The Vestfyn Line is a planned high-speed rail line on the Danish island of Funen, to be built between Odense and Middelfart.

==Background==
The Copenhagen–Ringsted Line, Denmark's first high-speed rail line, opened in 2019. As part of plans for high-speed rail in Denmark under the Hour Model, speed increases and sections of new line have been planned between the cities of Copenhagen, Odense, Aarhus, Esbjerg and Aalborg. In 2013, this was outlined further in the Togfond plan, which estimated the cost of a new Odense to Middelfart/Fredericia railway at DKK4.5 billion in 2017.
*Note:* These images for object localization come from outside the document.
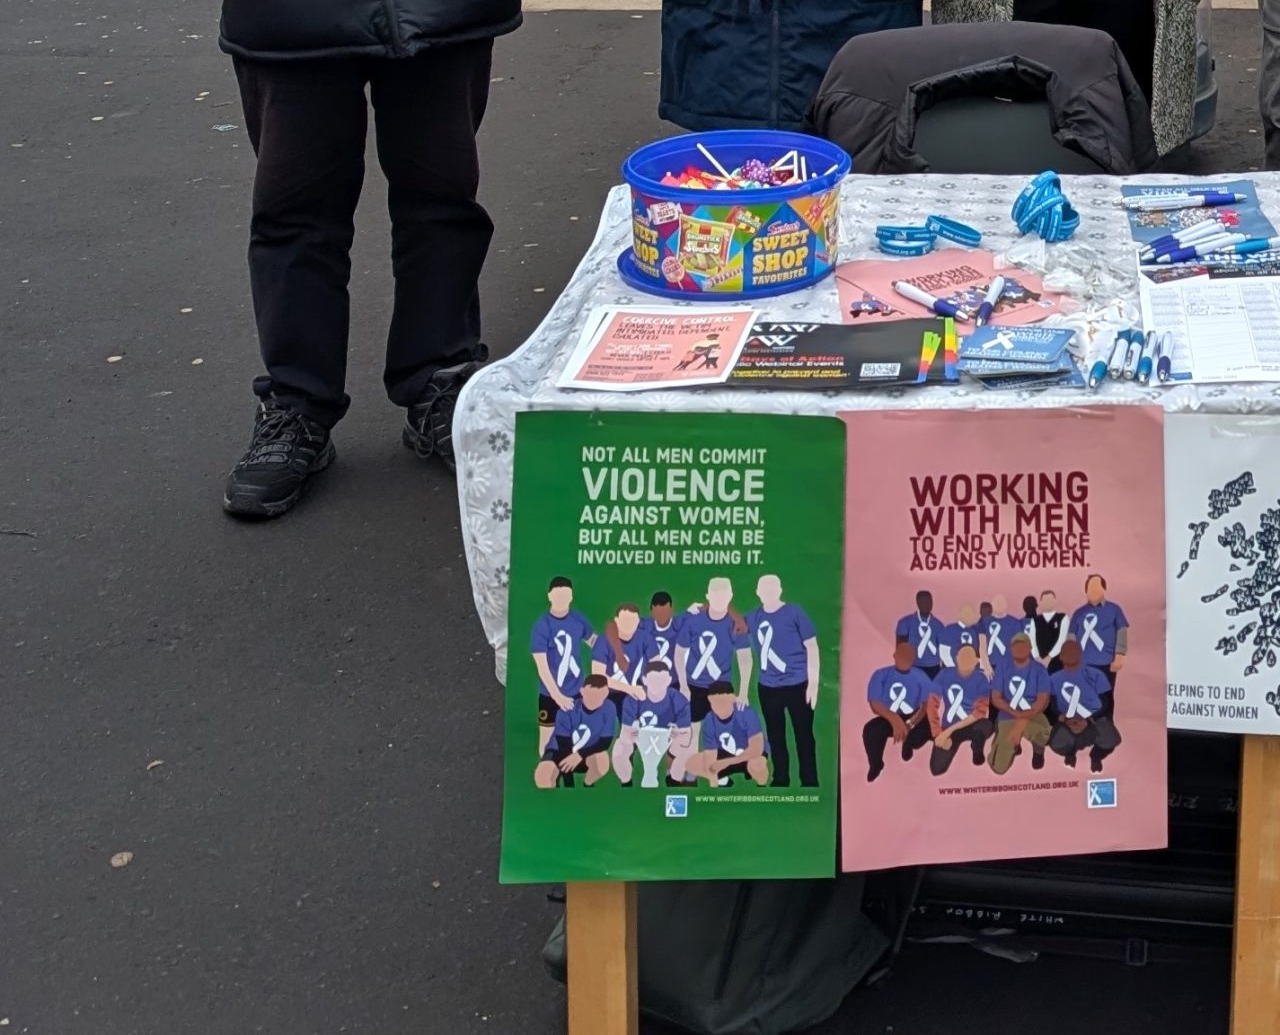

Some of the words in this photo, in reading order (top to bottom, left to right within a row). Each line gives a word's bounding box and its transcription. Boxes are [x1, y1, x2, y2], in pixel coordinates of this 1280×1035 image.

[752, 229, 810, 253] SWEET
[752, 246, 809, 274] SHOP
[752, 267, 808, 285] FAVOURITES
[622, 316, 678, 325] COERCIVE
[683, 315, 737, 324] CONTROL
[582, 446, 616, 463] NOT
[621, 447, 650, 464] ALL
[656, 448, 693, 464] MEN
[699, 448, 767, 464] COMMIT
[581, 467, 765, 502] VIOLENCE
[909, 471, 1089, 507] WORKING
[579, 505, 671, 525] AGAINST
[679, 507, 766, 527] WOMEN,
[910, 505, 1000, 536] WITH
[1015, 503, 1089, 534] MEN
[578, 529, 613, 545] BUT
[618, 529, 648, 545] ALL
[655, 530, 692, 546] MEN
[698, 530, 736, 546] CAN
[742, 530, 765, 545] BE
[909, 536, 935, 554] TO
[943, 534, 983, 553] END
[992, 532, 1091, 552] VIOLENCE
[577, 550, 655, 565] INVOLVED
[660, 550, 676, 565] IN
[682, 550, 742, 564] ENDING
[747, 550, 764, 565] IT.
[909, 551, 999, 571] AGAINST
[1007, 549, 1092, 569] WOMEN.
[1166, 684, 1204, 699] ELPING
[1207, 685, 1222, 699] TO
[1224, 686, 1245, 700] END
[1171, 701, 1217, 717] AGAINST
[1218, 704, 1259, 720] WOMEN
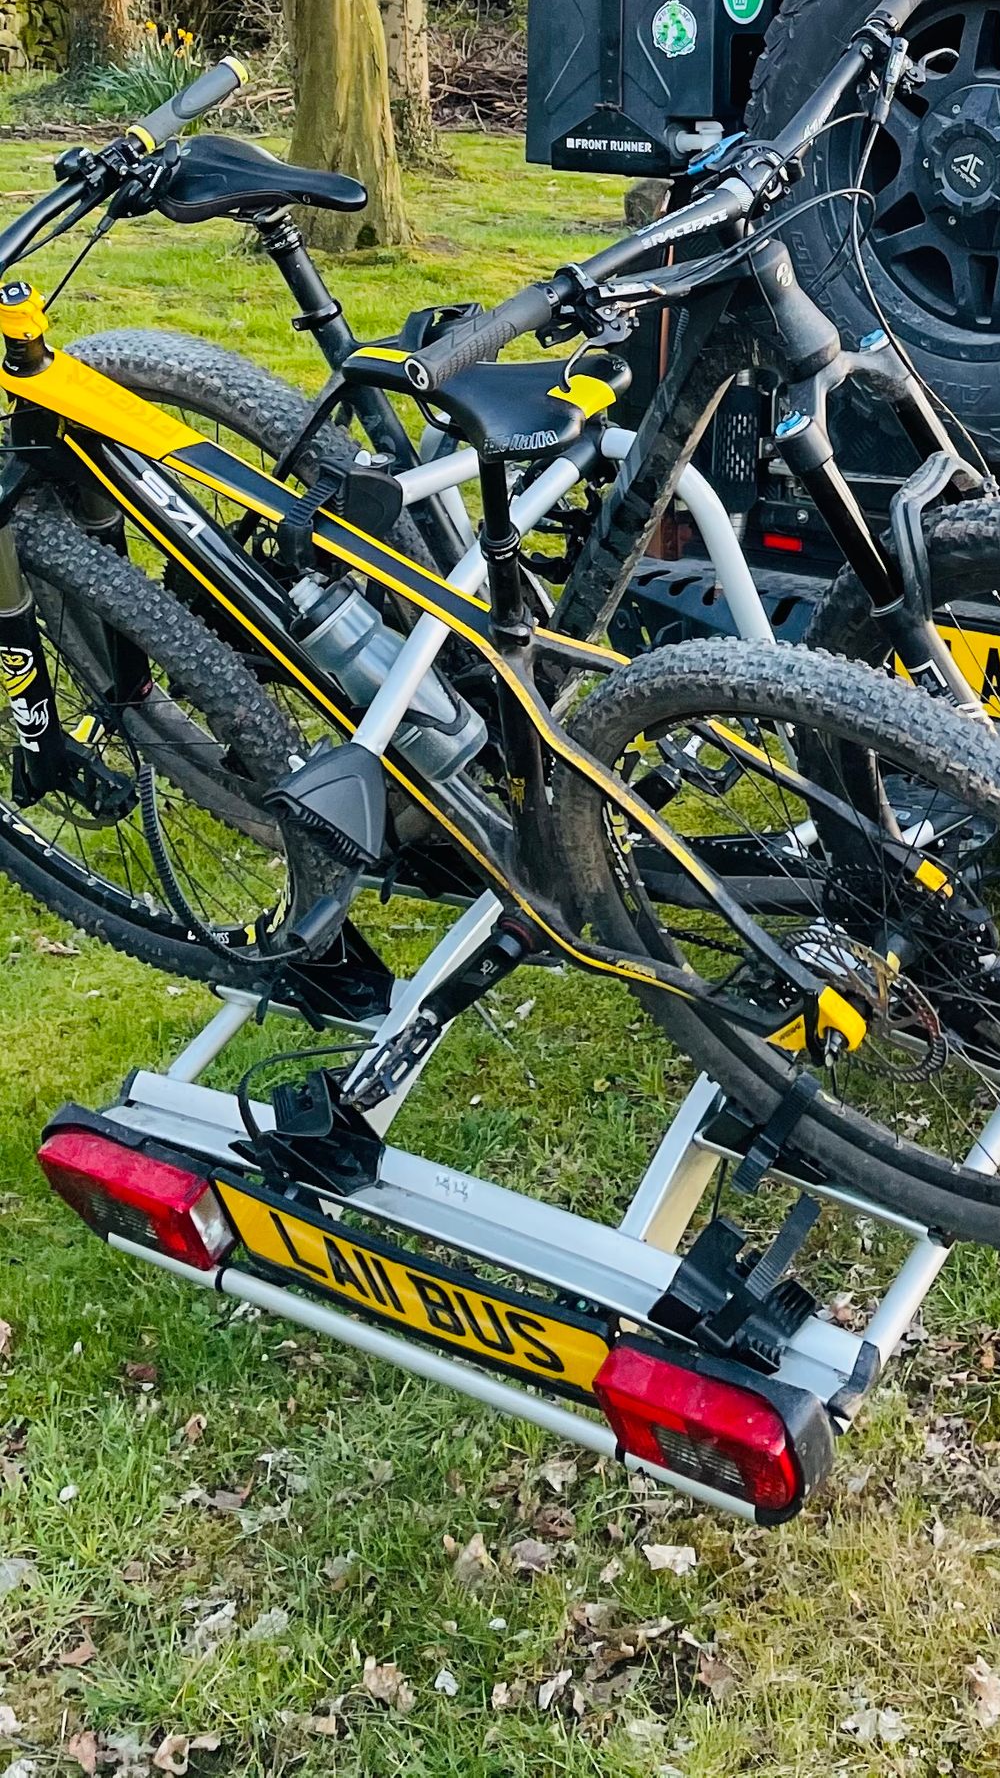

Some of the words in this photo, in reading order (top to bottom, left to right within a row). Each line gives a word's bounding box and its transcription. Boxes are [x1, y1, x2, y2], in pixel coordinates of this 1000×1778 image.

Approval for the construction of the line was given in November 2019, with construction to begin in 2023. The Vestfyn Line is proposed to shorten the route between Odense and Middelfart by 4 km and reduce journey times by 5 minutes.

==Route==
The new high-speed is planned to roughly follow the boundary of the E20 Fynske Motorvej road. The line will free up capacity on the existing line; a commuter rail service on this line is planned similar to the S-train in Copenhagen.

In 2022, NIRAS estimated that the construction would be completed by 2028.